■ WORK TO COMPLETE ■
Write out every record below exactly, so that nothing differs from what is shown.

■ EXERCISE DATA ■

=====

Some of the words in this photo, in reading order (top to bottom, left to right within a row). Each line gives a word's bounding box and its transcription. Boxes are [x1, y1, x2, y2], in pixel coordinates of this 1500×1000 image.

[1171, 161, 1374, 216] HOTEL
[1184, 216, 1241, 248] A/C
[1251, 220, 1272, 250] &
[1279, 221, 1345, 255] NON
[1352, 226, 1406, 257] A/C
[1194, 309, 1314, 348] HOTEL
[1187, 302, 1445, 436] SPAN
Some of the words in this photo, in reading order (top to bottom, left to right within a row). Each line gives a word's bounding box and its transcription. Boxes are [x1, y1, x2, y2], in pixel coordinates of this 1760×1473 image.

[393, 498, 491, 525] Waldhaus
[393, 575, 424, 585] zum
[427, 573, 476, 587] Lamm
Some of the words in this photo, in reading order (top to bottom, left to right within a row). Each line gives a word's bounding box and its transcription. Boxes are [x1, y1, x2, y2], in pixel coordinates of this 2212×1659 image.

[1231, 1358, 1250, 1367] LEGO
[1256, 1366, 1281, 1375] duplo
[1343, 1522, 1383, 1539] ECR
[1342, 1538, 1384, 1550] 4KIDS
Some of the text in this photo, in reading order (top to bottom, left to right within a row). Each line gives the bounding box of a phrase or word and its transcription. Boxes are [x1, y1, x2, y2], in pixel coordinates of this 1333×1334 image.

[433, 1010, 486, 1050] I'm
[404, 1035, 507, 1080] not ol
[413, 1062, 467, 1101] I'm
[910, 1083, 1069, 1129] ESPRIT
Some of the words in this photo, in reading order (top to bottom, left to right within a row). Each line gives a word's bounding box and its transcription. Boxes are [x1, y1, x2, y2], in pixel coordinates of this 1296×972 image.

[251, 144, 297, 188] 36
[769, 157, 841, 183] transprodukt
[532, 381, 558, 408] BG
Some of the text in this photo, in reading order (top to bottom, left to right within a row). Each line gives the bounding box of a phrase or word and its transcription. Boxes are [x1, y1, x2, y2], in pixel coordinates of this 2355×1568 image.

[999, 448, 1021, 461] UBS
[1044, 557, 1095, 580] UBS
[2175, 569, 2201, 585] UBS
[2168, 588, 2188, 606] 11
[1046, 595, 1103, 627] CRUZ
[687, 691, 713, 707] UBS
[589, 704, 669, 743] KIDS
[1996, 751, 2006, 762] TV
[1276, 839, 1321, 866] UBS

=====

■ SOLUTION TO THIS EXERCISE ■
Some of the words in this photo, in reading order (top to bottom, left to right within a row). Each line gives a word's bounding box and its transcription. Boxes are [x1, y1, x2, y2], in pixel coordinates of this 1500×1000 image.

[1171, 161, 1374, 216] HOTEL
[1184, 216, 1241, 248] A/C
[1251, 220, 1272, 250] &
[1279, 221, 1345, 255] NON
[1352, 226, 1406, 257] A/C
[1194, 309, 1314, 348] HOTEL
[1187, 302, 1445, 436] SPAN
Some of the words in this photo, in reading order (top to bottom, left to right within a row). Each line gives a word's bounding box and its transcription. Boxes are [x1, y1, x2, y2], in pixel coordinates of this 1760×1473 image.

[393, 498, 491, 525] Waldhaus
[393, 575, 424, 585] zum
[427, 573, 476, 587] Lamm
Some of the words in this photo, in reading order (top to bottom, left to right within a row). Each line gives a word's bounding box and its transcription. Boxes are [x1, y1, x2, y2], in pixel coordinates of this 2212×1659 image.

[1231, 1358, 1250, 1367] LEGO
[1256, 1366, 1281, 1375] duplo
[1343, 1522, 1383, 1539] ECR
[1342, 1538, 1384, 1550] 4KIDS
Some of the text in this photo, in reading order (top to bottom, left to right within a row). Each line gives the bounding box of a phrase or word and its transcription. Boxes are [x1, y1, x2, y2], in pixel coordinates of this 1333×1334 image.

[433, 1010, 486, 1050] I'm
[404, 1035, 507, 1080] not ol
[413, 1062, 467, 1101] I'm
[910, 1083, 1069, 1129] ESPRIT
Some of the words in this photo, in reading order (top to bottom, left to right within a row). Each line gives a word's bounding box and its transcription. Boxes are [x1, y1, x2, y2], in pixel coordinates of this 1296×972 image.

[251, 144, 297, 188] 36
[769, 157, 841, 183] transprodukt
[532, 381, 558, 408] BG
Some of the text in this photo, in reading order (top to bottom, left to right within a row). Each line gives the bounding box of a phrase or word and its transcription. Boxes are [x1, y1, x2, y2], in pixel coordinates of this 2355×1568 image.

[999, 448, 1021, 461] UBS
[1044, 557, 1095, 580] UBS
[2175, 569, 2201, 585] UBS
[2168, 588, 2188, 606] 11
[1046, 595, 1103, 627] CRUZ
[687, 691, 713, 707] UBS
[589, 704, 669, 743] KIDS
[1996, 751, 2006, 762] TV
[1276, 839, 1321, 866] UBS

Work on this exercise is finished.